This girl, the daughter of a man who was playing double to both companies! And her service to me would compel me to be loyal to him! Truly, I was becoming involved in a way that complicated simple duty. But the girl had darted ahead of us, we following by the flutter of the white gown, and she led us out of the courtyard by a sally-port to the rear of a block-house. She paused in the shadow of some shrubbery.
"Get fagots from the Indians to light us across the flats," she whispered to Father Holland. "They'll think nothing of your coming. You're always among them!"
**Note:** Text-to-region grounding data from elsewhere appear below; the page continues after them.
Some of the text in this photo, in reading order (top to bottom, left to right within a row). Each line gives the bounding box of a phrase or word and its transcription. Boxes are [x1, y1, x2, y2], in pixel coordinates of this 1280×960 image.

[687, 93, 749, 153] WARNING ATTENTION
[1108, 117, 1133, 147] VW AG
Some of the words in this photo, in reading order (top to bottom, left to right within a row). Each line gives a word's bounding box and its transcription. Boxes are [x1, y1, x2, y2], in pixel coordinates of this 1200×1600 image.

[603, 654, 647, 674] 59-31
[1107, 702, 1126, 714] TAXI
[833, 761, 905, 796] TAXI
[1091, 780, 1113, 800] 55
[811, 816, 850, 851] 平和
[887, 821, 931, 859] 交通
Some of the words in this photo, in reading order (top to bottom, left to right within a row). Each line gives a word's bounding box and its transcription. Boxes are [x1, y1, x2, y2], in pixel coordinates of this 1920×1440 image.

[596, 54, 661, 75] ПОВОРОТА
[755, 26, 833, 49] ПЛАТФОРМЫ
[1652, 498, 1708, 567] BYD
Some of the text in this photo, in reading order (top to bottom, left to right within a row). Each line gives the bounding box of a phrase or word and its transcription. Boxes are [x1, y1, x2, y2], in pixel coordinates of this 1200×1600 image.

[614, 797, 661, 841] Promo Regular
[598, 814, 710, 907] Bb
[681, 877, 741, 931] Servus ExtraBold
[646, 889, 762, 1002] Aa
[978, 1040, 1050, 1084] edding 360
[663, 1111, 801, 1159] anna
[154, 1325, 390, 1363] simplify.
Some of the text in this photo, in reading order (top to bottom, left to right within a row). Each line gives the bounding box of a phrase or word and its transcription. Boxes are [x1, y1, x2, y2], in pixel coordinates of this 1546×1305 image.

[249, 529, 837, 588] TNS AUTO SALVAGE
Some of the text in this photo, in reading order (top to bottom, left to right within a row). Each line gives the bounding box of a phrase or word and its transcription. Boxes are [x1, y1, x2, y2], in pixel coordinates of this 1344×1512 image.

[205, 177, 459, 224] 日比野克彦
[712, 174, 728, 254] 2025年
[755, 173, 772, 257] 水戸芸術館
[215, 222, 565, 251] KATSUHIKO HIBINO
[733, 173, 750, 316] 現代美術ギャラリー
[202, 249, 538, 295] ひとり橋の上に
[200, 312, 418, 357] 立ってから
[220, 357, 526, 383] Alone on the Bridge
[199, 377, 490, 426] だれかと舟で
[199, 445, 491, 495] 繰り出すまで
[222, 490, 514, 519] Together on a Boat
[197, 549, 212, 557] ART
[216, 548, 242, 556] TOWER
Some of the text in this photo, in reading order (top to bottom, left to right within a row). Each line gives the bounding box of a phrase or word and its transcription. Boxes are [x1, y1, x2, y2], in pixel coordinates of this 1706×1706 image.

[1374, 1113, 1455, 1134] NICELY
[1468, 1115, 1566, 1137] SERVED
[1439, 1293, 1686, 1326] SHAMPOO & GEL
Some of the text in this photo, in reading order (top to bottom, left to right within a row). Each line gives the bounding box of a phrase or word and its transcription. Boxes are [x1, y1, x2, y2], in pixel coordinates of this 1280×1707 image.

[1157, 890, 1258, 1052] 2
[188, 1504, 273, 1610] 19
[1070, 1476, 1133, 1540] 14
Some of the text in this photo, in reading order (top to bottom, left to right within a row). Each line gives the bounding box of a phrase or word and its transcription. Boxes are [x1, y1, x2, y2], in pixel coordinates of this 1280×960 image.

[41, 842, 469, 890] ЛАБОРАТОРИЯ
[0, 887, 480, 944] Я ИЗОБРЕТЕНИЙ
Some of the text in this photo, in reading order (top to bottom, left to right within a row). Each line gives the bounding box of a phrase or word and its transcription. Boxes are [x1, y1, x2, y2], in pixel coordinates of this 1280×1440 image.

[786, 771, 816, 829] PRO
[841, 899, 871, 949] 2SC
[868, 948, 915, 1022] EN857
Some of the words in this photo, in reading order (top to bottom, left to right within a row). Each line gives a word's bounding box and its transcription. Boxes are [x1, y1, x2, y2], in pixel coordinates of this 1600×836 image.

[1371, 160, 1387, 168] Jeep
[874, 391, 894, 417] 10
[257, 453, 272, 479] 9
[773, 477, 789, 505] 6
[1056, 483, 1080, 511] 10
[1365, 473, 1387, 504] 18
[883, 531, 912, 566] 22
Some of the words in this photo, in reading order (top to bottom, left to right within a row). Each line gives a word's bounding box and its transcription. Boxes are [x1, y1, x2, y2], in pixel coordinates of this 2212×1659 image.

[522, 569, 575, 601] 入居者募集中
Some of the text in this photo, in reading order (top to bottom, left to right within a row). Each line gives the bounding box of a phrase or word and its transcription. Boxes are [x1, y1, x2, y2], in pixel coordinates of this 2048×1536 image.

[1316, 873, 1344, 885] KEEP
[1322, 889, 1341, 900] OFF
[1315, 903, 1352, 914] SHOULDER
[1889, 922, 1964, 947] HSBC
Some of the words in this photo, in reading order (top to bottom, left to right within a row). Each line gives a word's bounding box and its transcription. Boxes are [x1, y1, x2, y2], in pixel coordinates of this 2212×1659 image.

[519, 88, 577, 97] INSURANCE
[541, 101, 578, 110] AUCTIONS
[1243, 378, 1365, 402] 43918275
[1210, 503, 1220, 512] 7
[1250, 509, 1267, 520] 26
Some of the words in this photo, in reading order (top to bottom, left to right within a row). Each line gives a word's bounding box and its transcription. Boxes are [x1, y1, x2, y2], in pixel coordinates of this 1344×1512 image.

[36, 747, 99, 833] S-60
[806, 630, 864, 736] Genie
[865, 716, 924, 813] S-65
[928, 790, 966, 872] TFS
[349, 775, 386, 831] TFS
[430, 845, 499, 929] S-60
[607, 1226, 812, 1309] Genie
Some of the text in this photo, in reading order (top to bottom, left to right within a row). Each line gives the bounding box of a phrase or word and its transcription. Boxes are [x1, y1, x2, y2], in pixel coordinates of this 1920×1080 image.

"Mistress Sutherland!" I began, as the priest hurried forward to the Indian camp-fires, "I hate to think of you risking yourself in this way for——"
"Stop thinking, then," she interrupted abruptly in a voice that somehow reminded me of my first vision of statuary.
"I beg your pardon," I blundered on. "Father Holland and I have both forgotten to apologize for our rudeness about helping you down."
"Pray don't apologize," answered the marble voice. Then the girl laughed. "Really you're worse than I thought, when I heard you bungling over a boat. I didn't mind your rudeness. It was funny."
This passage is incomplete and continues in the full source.